At Valentine's Day 2005, the musicians of Chesapeake Country tell us they're still spending much of their time translating the complex language of love for themselves as well as for their listeners.
"Love songs have a very significant place in my repertoire, because it's really all about love," said singer-songwriter Deanna Dove, who calls herself "the female Buffett of the Chesapeake."
The love-song's special season opened the first weekend in February in Chesapeake Country with Valentine Lovesick Blues, stripped-down acoustic performance of songs "love gone wrong (and occasionally right)" by the national touring band The Remnants' chief songwriter Tom Boynton. Boynton, plus Tom Fridrich and Tristan Lentz, were playing their own in-and-out-of-love songs, as well as songs by Hank Williams, George Jones, Johnny Cash and Merle Haggard.
Concert organizer Mary Byrd Brown, a singer-songwriter on leave to recover from Lyme disease, knows the theme well. "I would say a huge percentage of my repertoire consists of songs about all flavors of love," Brown said.

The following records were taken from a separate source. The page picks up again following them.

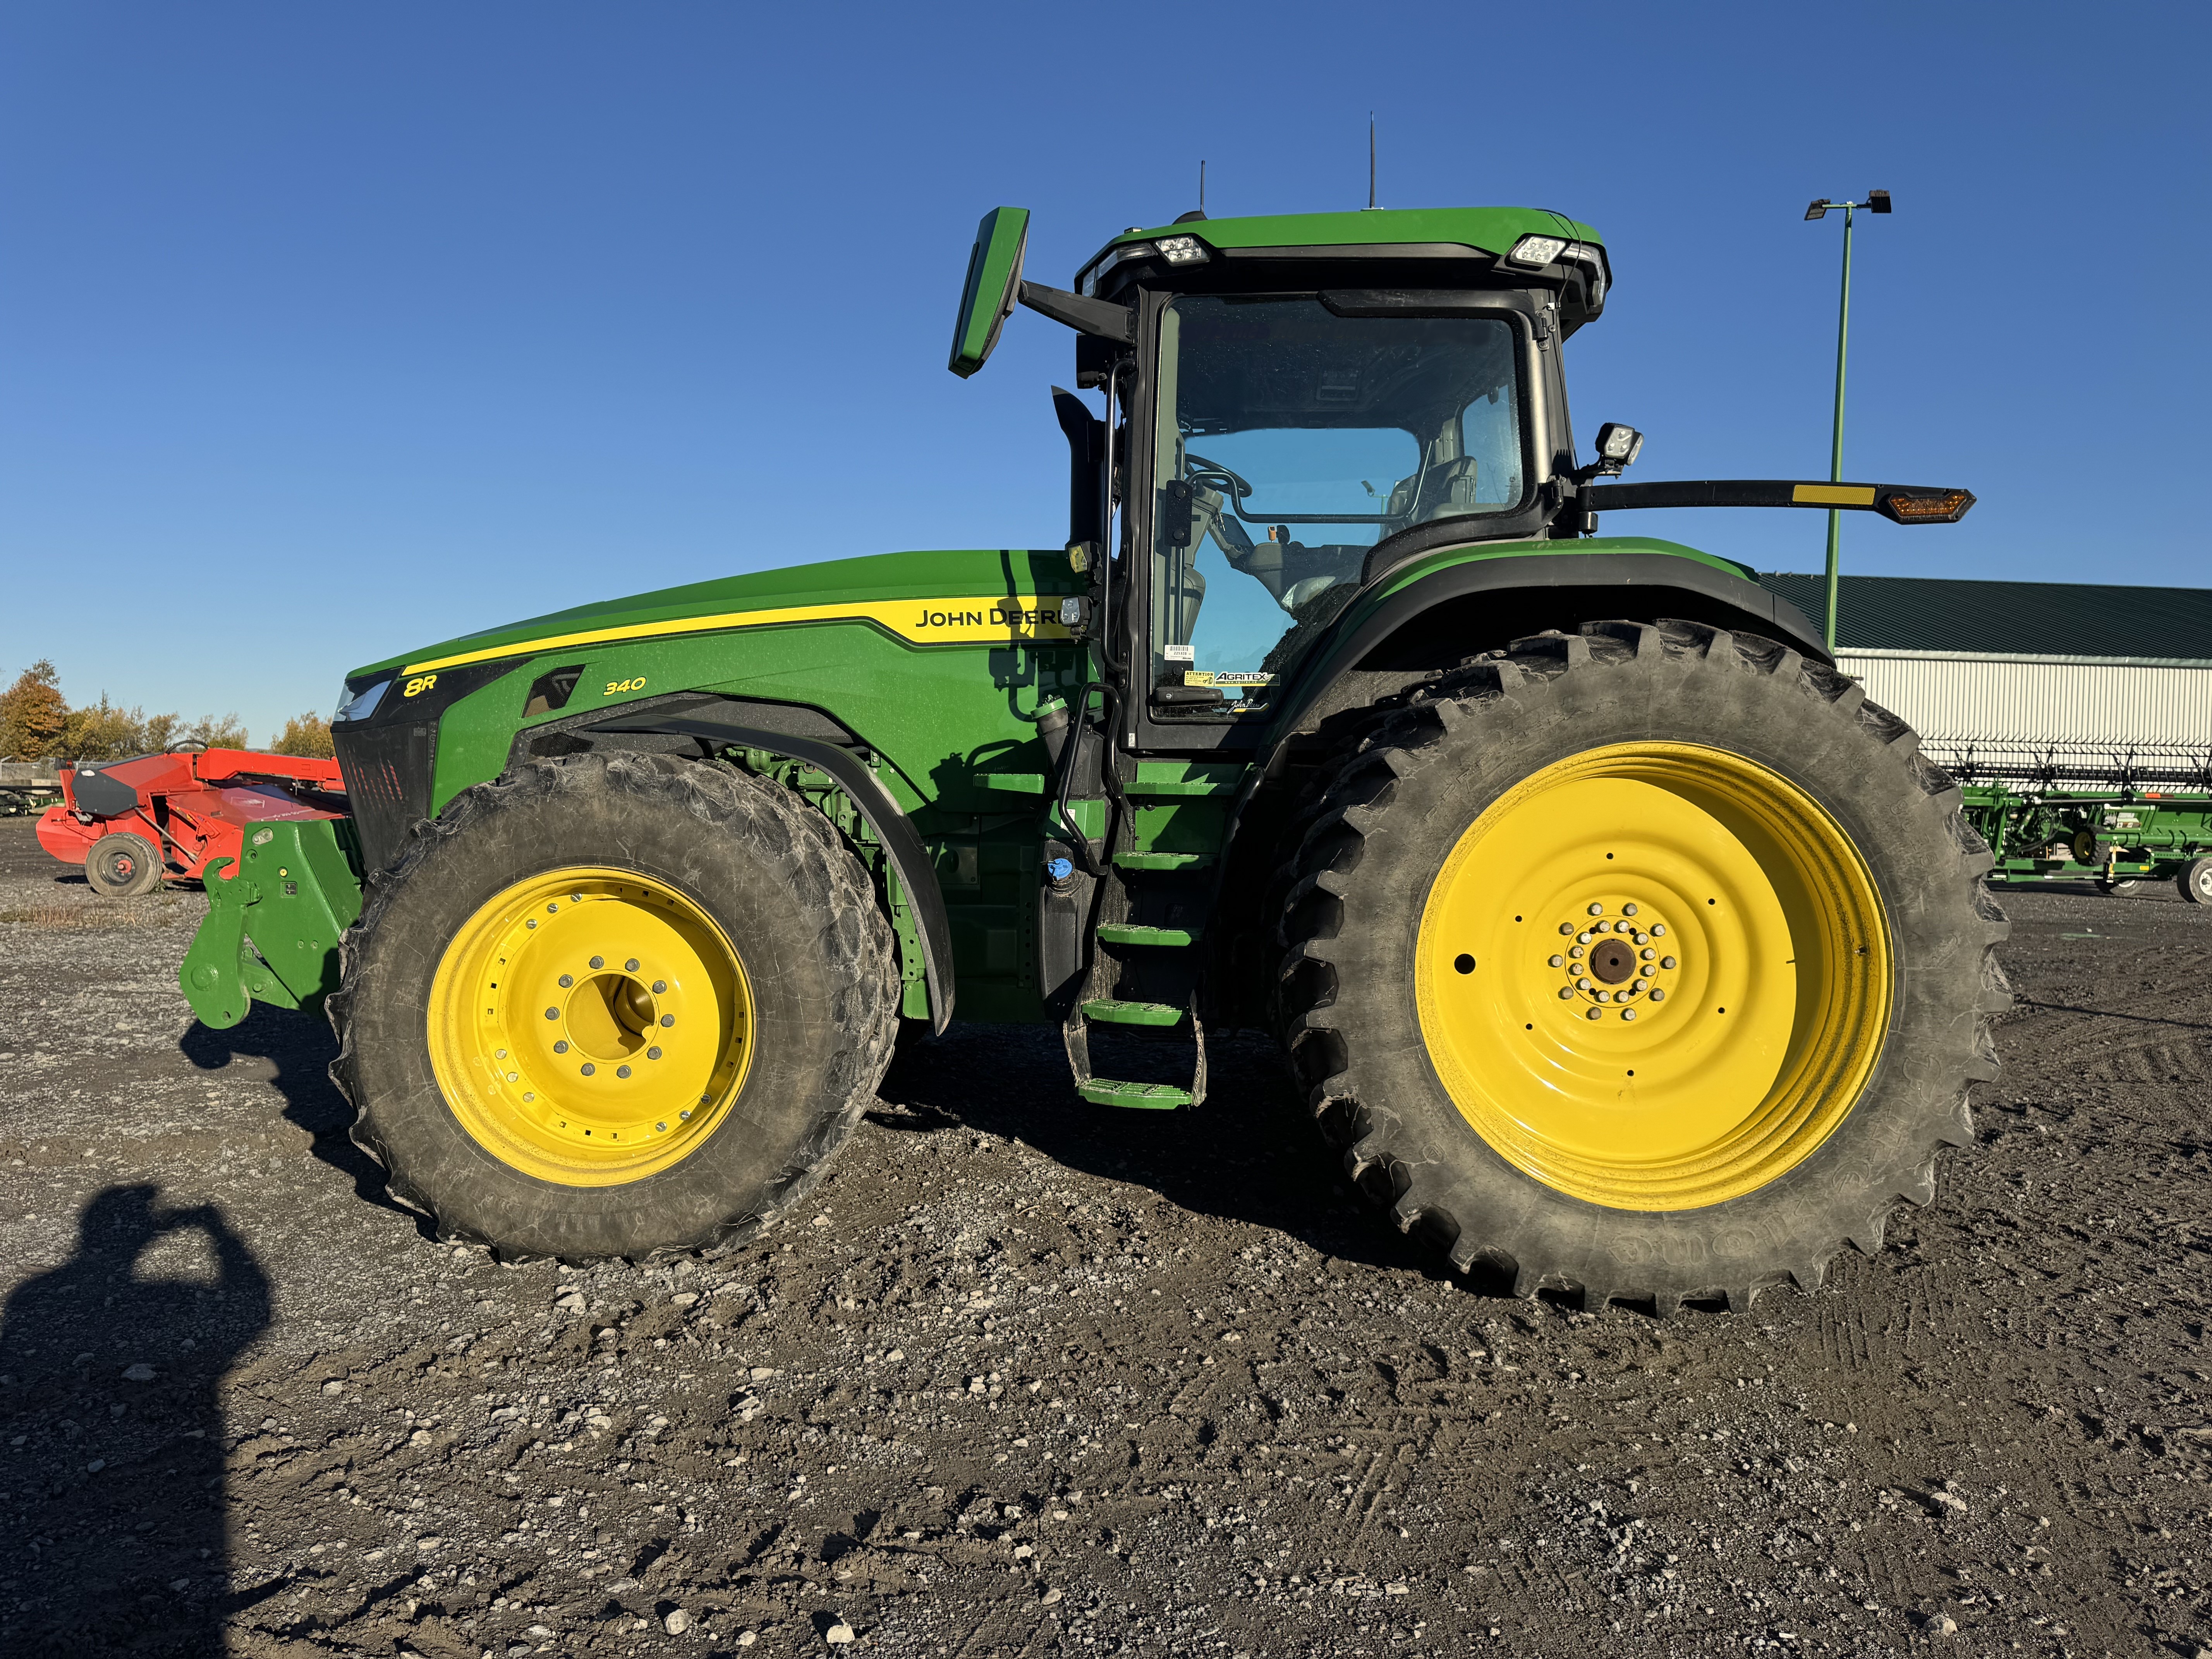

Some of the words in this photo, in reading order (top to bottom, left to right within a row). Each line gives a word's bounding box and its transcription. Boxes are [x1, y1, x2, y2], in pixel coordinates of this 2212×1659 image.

[915, 610, 982, 627] JOHN
[990, 608, 1062, 625] DEER
[404, 675, 437, 697] 8R
[603, 677, 646, 696] 340
[1226, 700, 1246, 714] John

Blues is only one flavor in Brown's songbook. "There is love between lovers; love between siblings; parent-child love; love of pets; love of God; universal love; love of life; love of nature; love of animals; love of creativity," she said.

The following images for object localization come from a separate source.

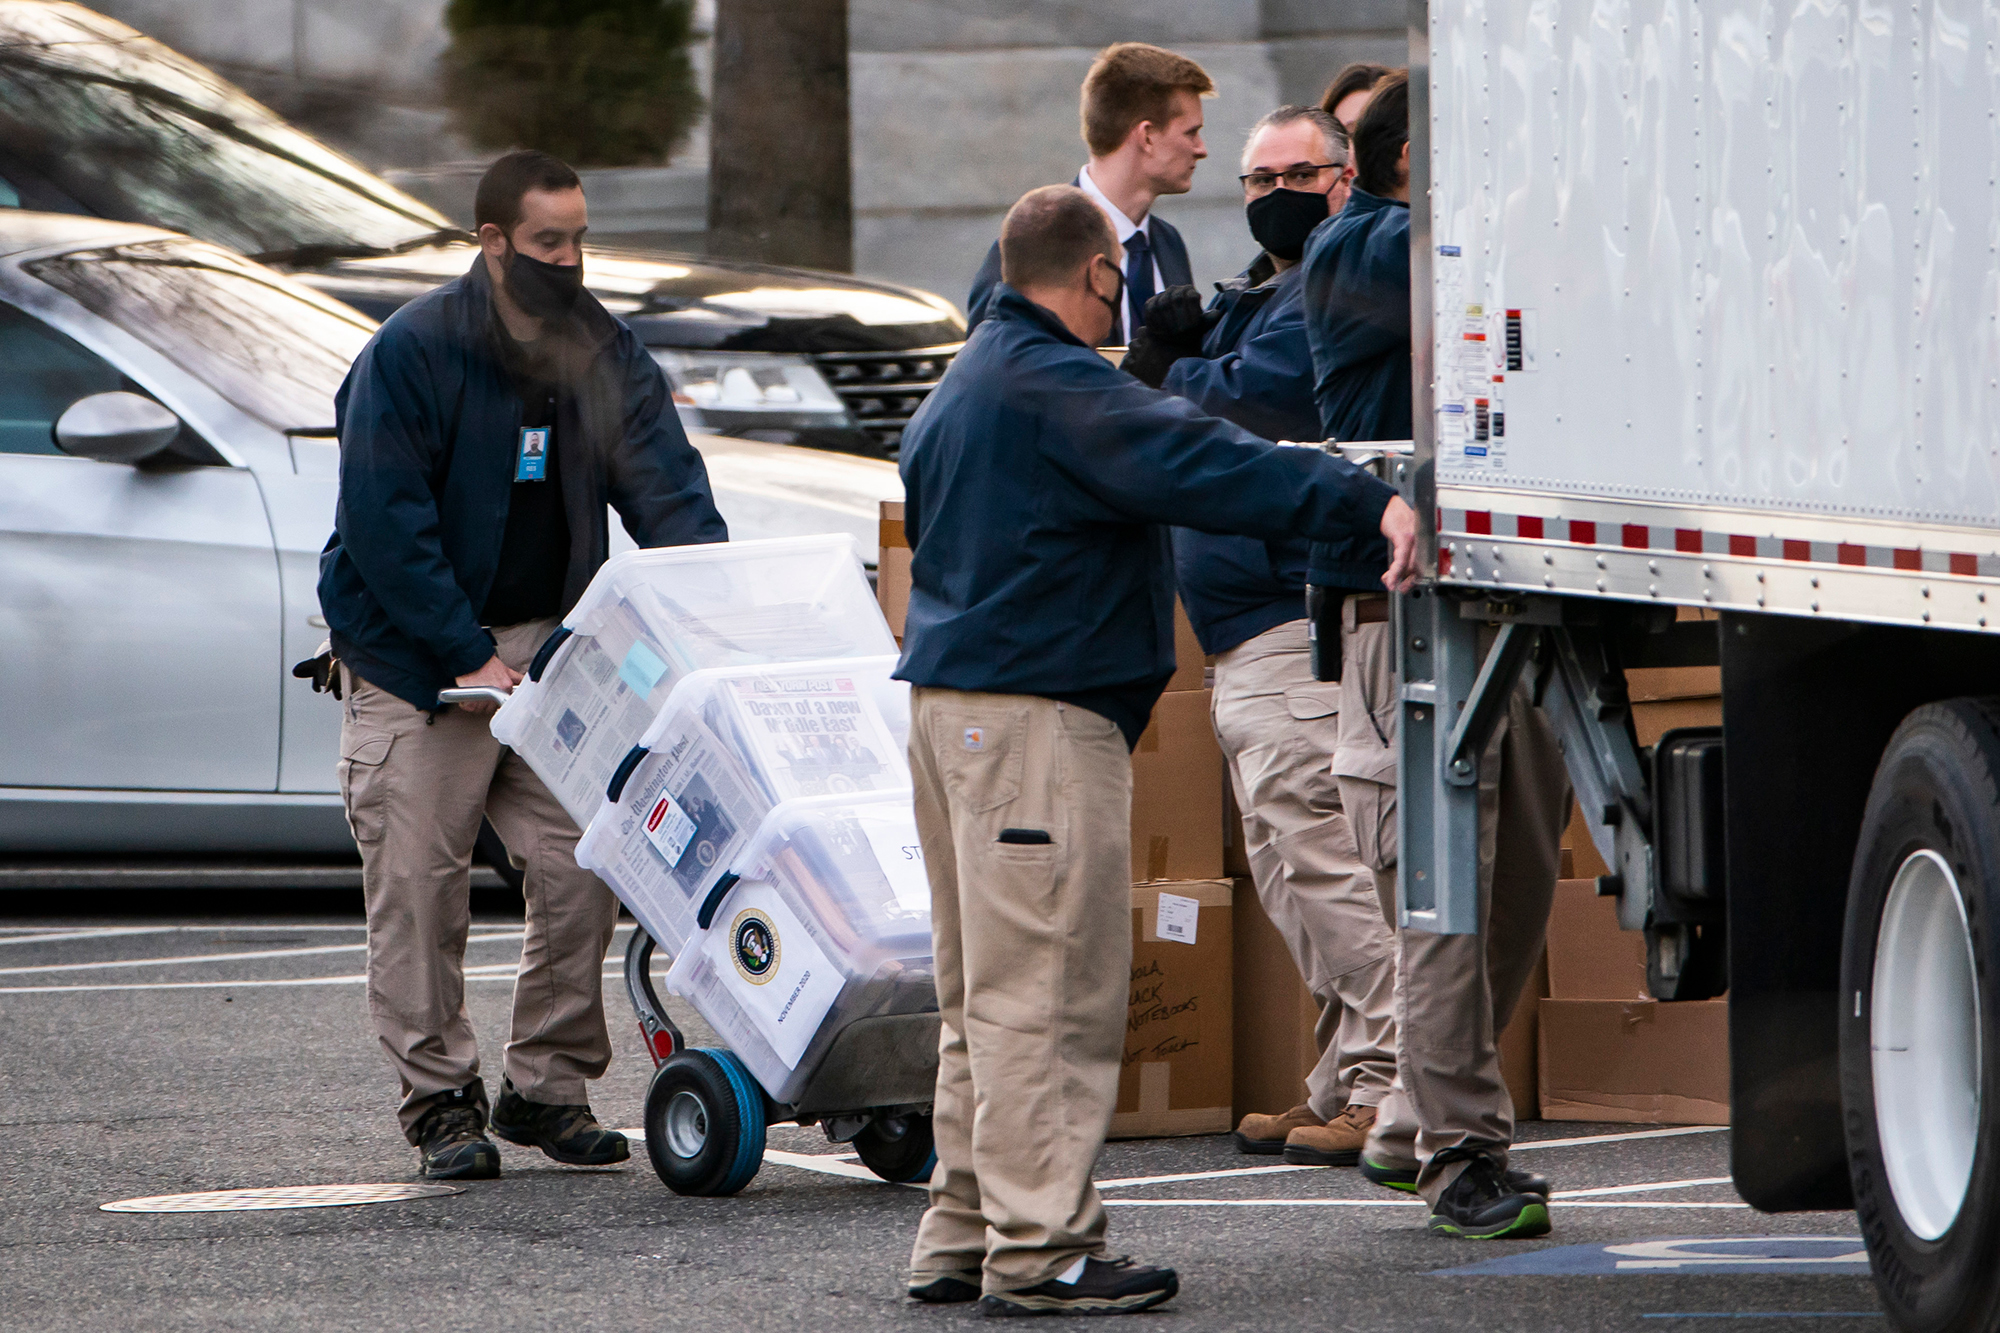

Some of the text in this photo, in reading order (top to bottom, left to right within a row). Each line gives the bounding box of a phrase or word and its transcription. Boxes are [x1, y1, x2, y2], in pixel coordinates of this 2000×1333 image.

[777, 679, 808, 693] YORK
[807, 679, 833, 692] POST
[795, 699, 813, 715] of
[814, 701, 827, 715] a
[827, 700, 862, 714] new
[763, 716, 820, 733] Mddle
[620, 815, 636, 835] The
[630, 758, 674, 816] Washington
[670, 734, 689, 763] Post
[777, 969, 811, 1024] NOVEMBER 2020

Put simply, love is too broad and influential to ignore. "Love is all around me; it's everywhere I go," wrote Reg Presley in a song later made popular by The Troggs and later still by Wet Wet Wet. It cannot be avoided, for to do so deprives us of that very joy we have so much difficulty describing.
In the early 1980s, Foreigner gave us the song "I Want to Know What Love Is." Good luck finding a definitive answer to that one. All I can offer is that you will know it when you find it, or, as is more often the case, when it finds you.
Singer-songwriter Rob Levit, the musician-in-residence at Maryland Hall for the Creative Arts, wrote his experience answering that question in the song "After You (Elaine)," for his wife.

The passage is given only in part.